We have a culture which is constantly pushing us to live in an extrinsic way, to not do things because we think they’re valuable, but to do things in order to buy something else, in order to show something off, in order to look impressive on social media – just like junk food has hijacked our diet and made us physically sick, junk values have hijacked our minds, and made us mentally sick.
E.G.: You offer seven solutions to depression in your book – non-chemical forms of antidepressants, like the cow that you mentioned earlier. What are some simple changes that a typical person might be able to make in their life to become a happier person?
J.H.: One of the most interesting pieces of research I looked at, done by a guy called Dr. Brett Ford at the University of Berkeley, looked at if you consciously try to be happier, will you in fact become happier?
Dr. Ford and her colleagues studied this in four places: in the United States, in Taiwan, in Japan and in Russia. They found in the U.S., if you decided to consciously spend more time trying to be happier, you will not become happier, but in the other three places, you do. What they discovered is, if you try to become happier in the U.S., what you do is you try to pursue happiness for yourself. You buy stuff for yourself, you try to get a promotion for yourself, you build up your ego. We have an instinctually individualistic view of happiness. In the other countries, they had an instinctively collective sense of happiness, so if you tried to make yourself happier, what you do is you do something for your family. You do something for your community, you do something for someone else, not for yourself. And it turns out an individualistic model of happiness just doesn’t work. If it did, Donald Trump would be a very happy person, and he’s an incredibly miserable person, for example.
A collective vision of happiness, by contrast, does work.
Another thing would be based on the experiment happening in Canada in the ’70s. The liberal government at the time decided to do this experiment. They chose a town, seemingly at random, called Dauphin, and they said to everyone in this town, “We are going to give all of you a guaranteed basic income from now on.” I think it was the equivalent of about $17,000 in contemporary U.S. dollars. This continued for three years, and there were many results. But to me, the most interesting one was what happened to people’s mental health. There was a massive improvement in people’s mental health. Depression so severe that you had to be hospitalized fell by 90 percent. It didn’t happen in the surrounding areas.
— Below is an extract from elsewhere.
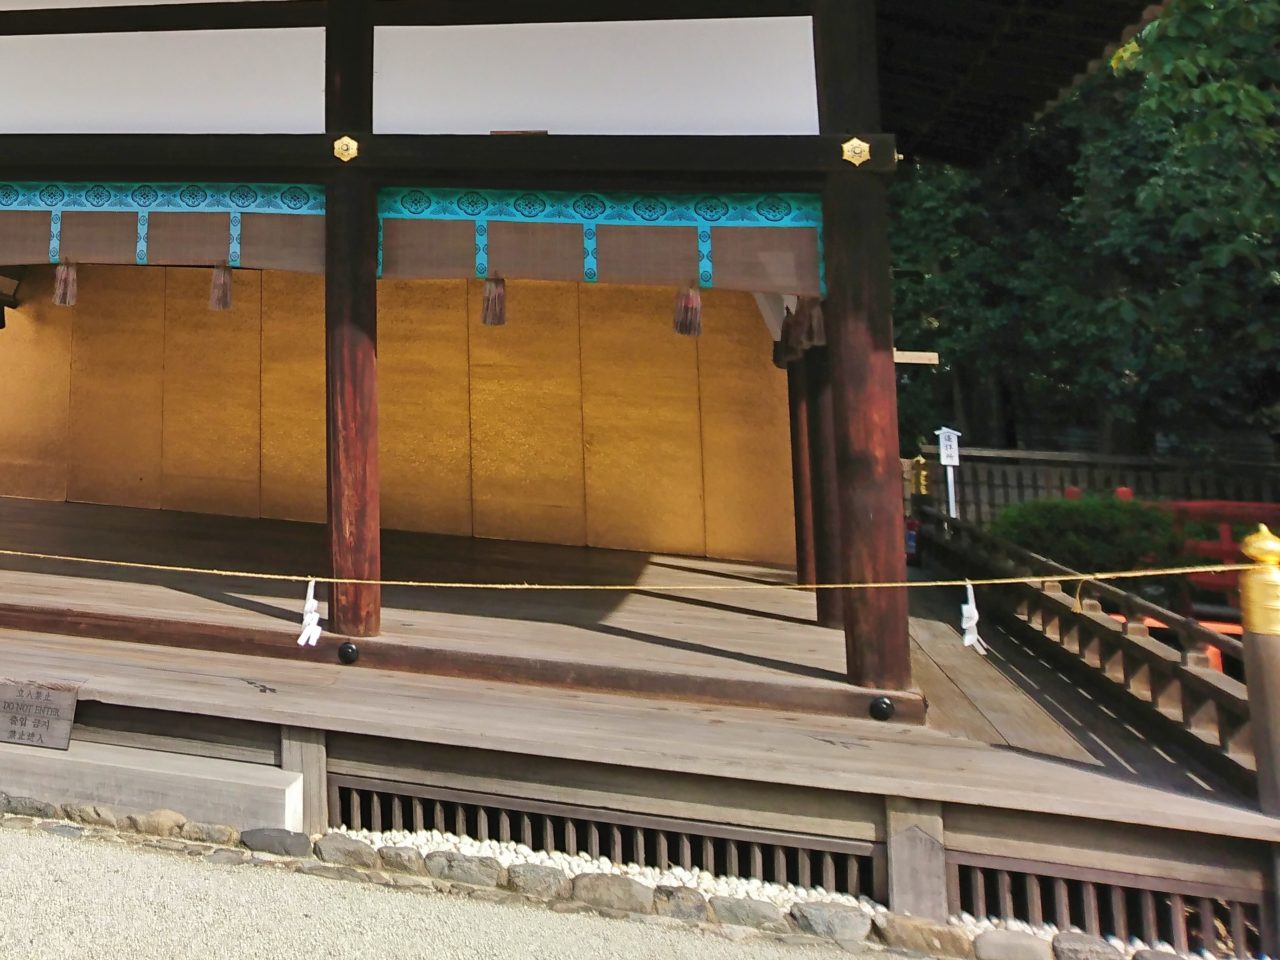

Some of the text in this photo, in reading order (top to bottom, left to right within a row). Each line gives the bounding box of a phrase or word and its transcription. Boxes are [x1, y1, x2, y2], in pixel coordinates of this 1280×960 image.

[16, 688, 52, 701] 立入禁止
[3, 701, 60, 717] DO NOT ENTER
[32, 718, 50, 730] 금지
That tells us that one of the things that’s making people depressed is profound insecurity in how we live. People who have income from property are 10 times less likely to develop anxiety disorder than people who don’t. Part of what’s making us anxious is that aspect of the way we live – and it’s an increasing insecurity. There’s a reason why depression massively spiked up after the 2008 crash, because a lot more people were insecure and having to work even harder to just keep their heads above water. And so universal basic income, which President Obama said could happen within 20 years, that is an antidepressant.
There are biological factors that can make you more sensitive to these social factors. So your genes, for example, can make you about 35 percent more sensitive to these things than someone who had a different genetic inheritance. But your genes aren’t causing it. They’re just making you more sensitive to these factors in the environment and in your psychology.
This requires us to really reframe what’s going on, because we’ve been told a story that has really disconnected us from the source of our own pain, and because we haven’t understood what’s causing it, the solutions that we’ve been using haven’t worked very well.